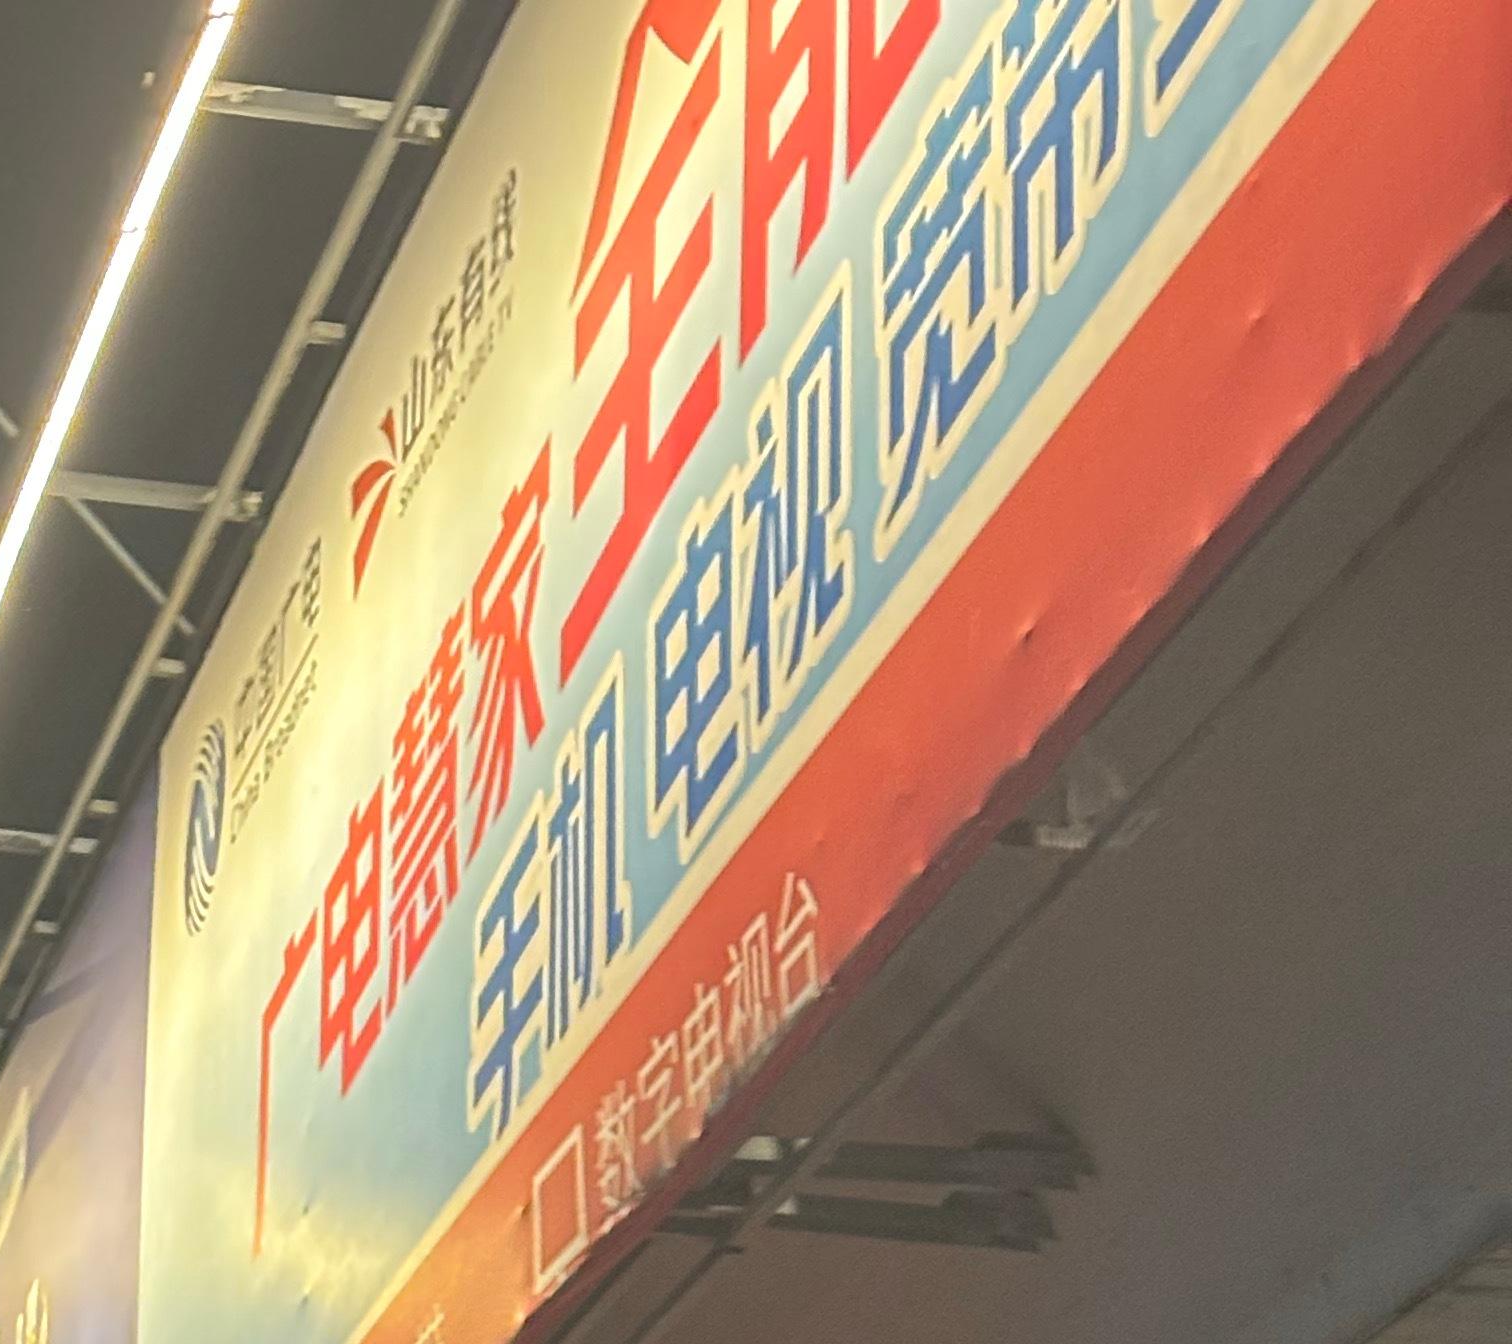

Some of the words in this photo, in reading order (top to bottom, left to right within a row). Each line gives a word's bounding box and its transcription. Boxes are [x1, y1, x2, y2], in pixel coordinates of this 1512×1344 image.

[402, 167, 516, 463] 山东有线
[473, 685, 628, 1130] 手机
[652, 293, 847, 842] 电视
[883, 0, 1124, 524] 宽带
[251, 435, 550, 1258] 广电慧家

□ □ □ □ □

What you have to do: Go through the entries above and print each one exactly, minus the pictures.

Finished task:
Some of the words in this photo, in reading order (top to bottom, left to right within a row). Each line gives a word's bounding box and its transcription. Boxes are [x1, y1, x2, y2], in pixel coordinates of this 1512×1344 image.

[402, 167, 516, 463] 山东有线
[473, 685, 628, 1130] 手机
[652, 293, 847, 842] 电视
[883, 0, 1124, 524] 宽带
[251, 435, 550, 1258] 广电慧家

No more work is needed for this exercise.